# AIM OF THE EXERCISE:
Without the pictures, can you quote each line below exactly?

# Phrase grounding data:
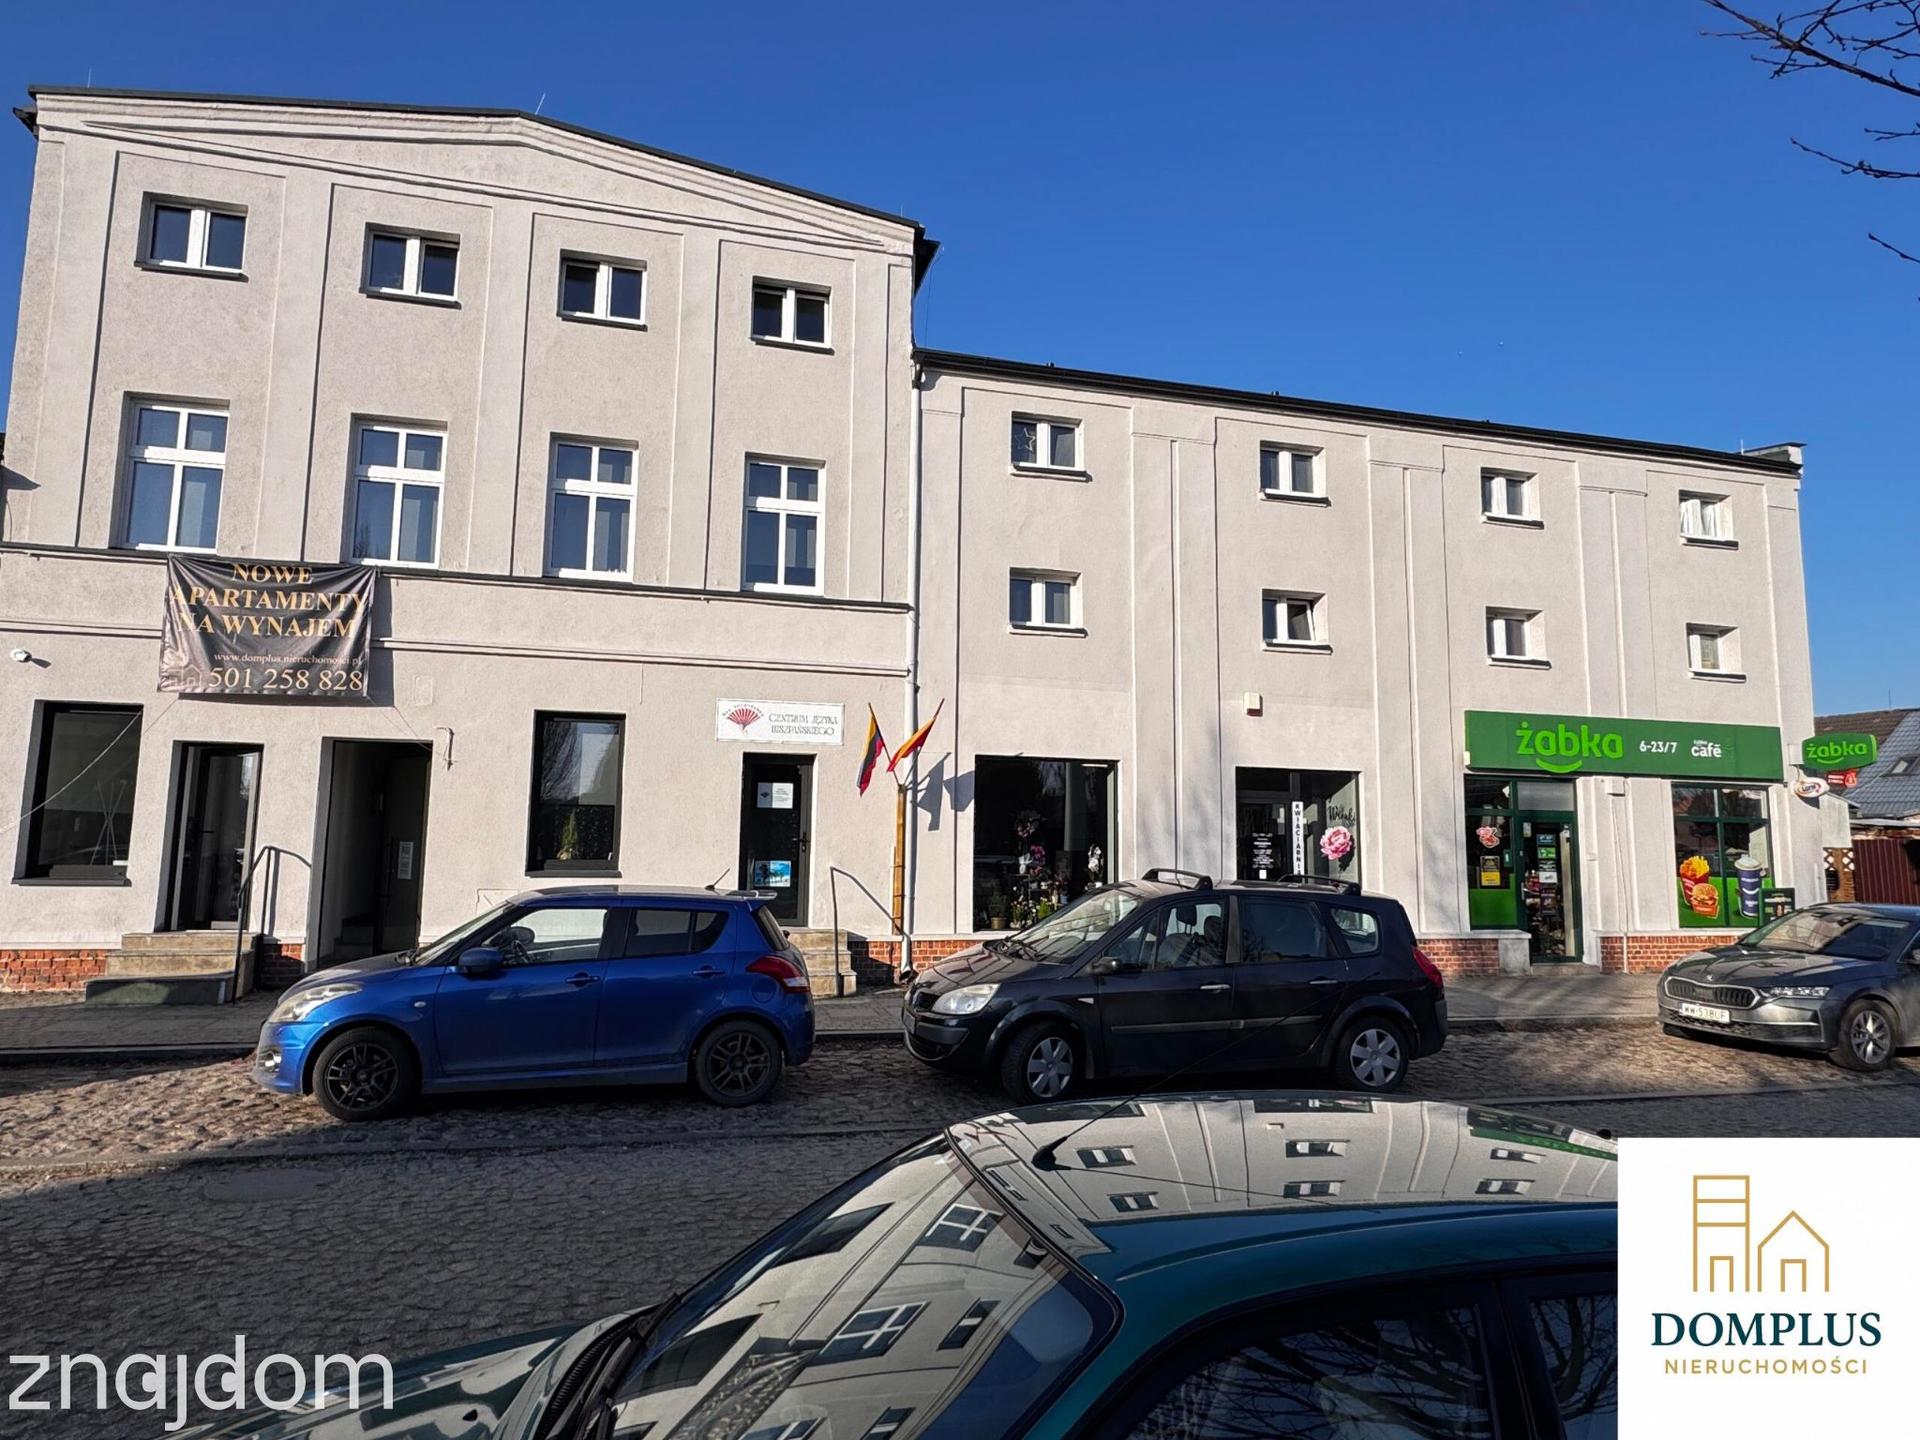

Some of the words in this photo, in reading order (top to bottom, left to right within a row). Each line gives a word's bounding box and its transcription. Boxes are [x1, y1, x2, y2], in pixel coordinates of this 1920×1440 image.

[232, 563, 314, 585] NOWE
[171, 585, 367, 612] APARTAMENTY
[178, 612, 215, 634] NA
[222, 613, 356, 638] WYNAJEM
[209, 667, 253, 688] 501
[263, 669, 310, 689] 258
[319, 670, 364, 691] 828
[768, 713, 809, 724] CENTRUM
[1515, 721, 1624, 759] żabka
[1639, 740, 1678, 754] 6-23/7
[1691, 742, 1722, 757] café
[1806, 740, 1868, 759] żabka
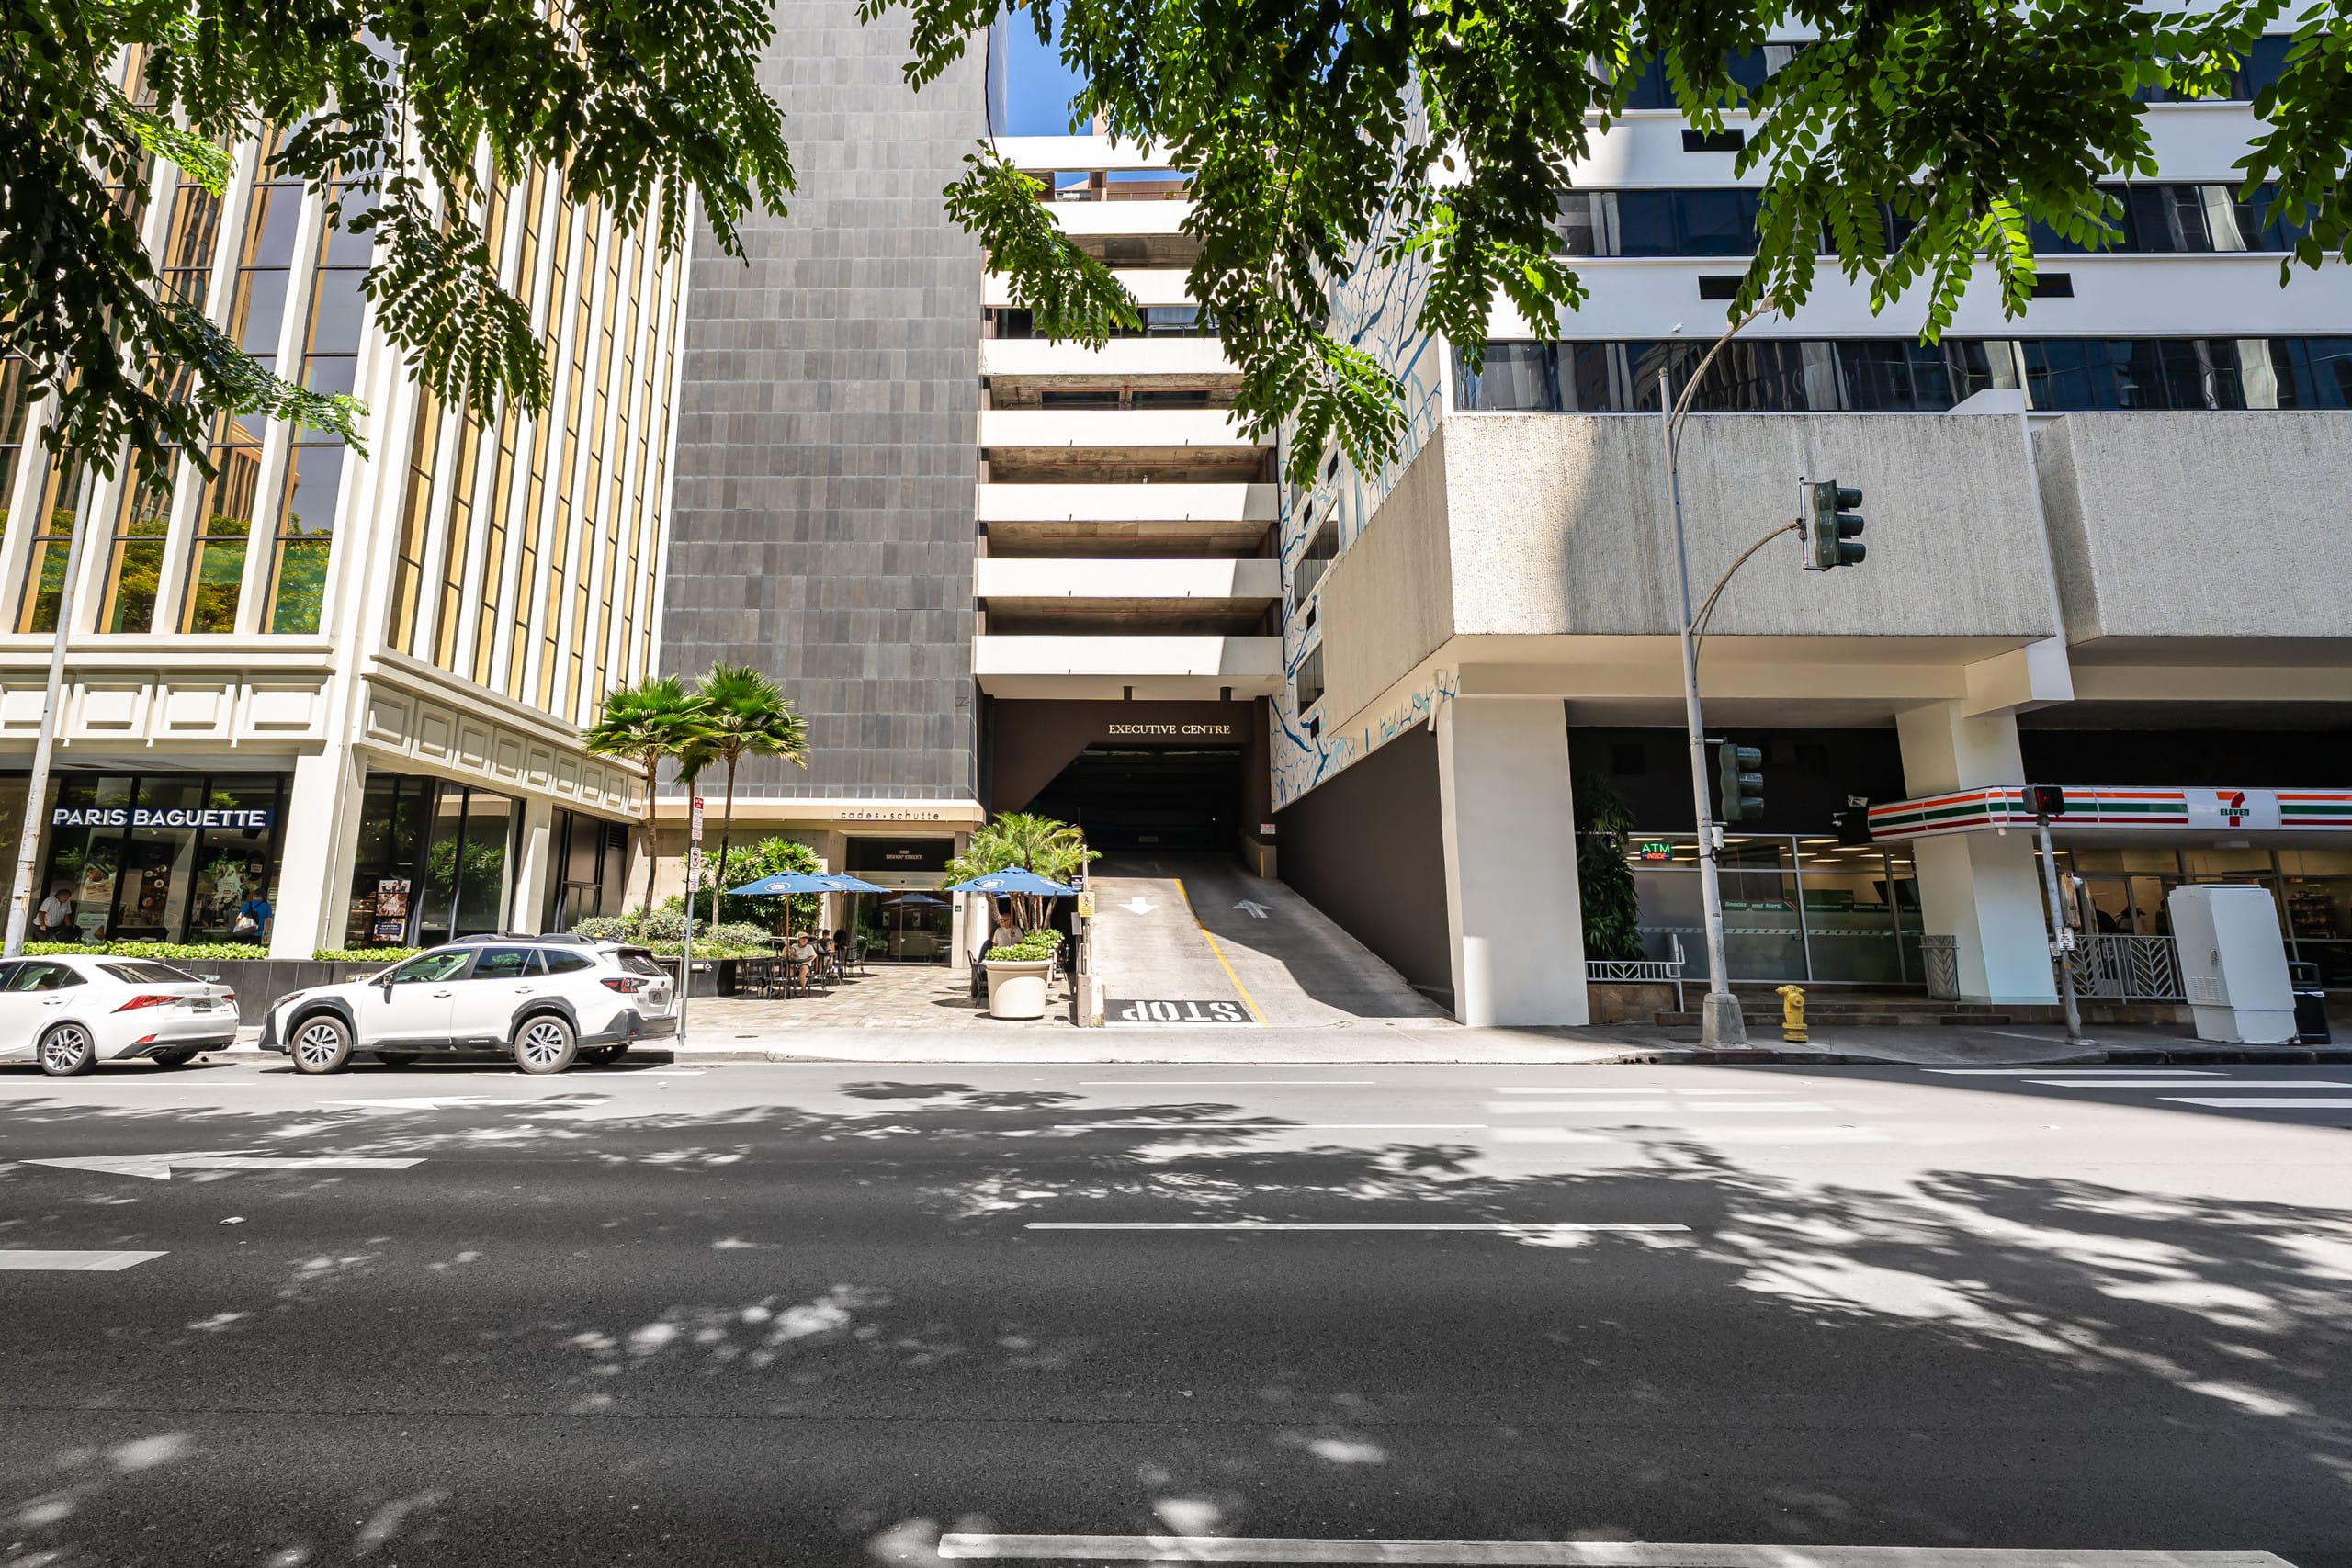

# RESULT OF THE EXERCISE:
Some of the words in this photo, in reading order (top to bottom, left to right within a row). Each line gives a word's bounding box and its transcription. Boxes are [x1, y1, x2, y2], in pixel coordinates of this 1920×1440 image.

[232, 563, 314, 585] NOWE
[171, 585, 367, 612] APARTAMENTY
[178, 612, 215, 634] NA
[222, 613, 356, 638] WYNAJEM
[209, 667, 253, 688] 501
[263, 669, 310, 689] 258
[319, 670, 364, 691] 828
[768, 713, 809, 724] CENTRUM
[1515, 721, 1624, 759] żabka
[1639, 740, 1678, 754] 6-23/7
[1691, 742, 1722, 757] café
[1806, 740, 1868, 759] żabka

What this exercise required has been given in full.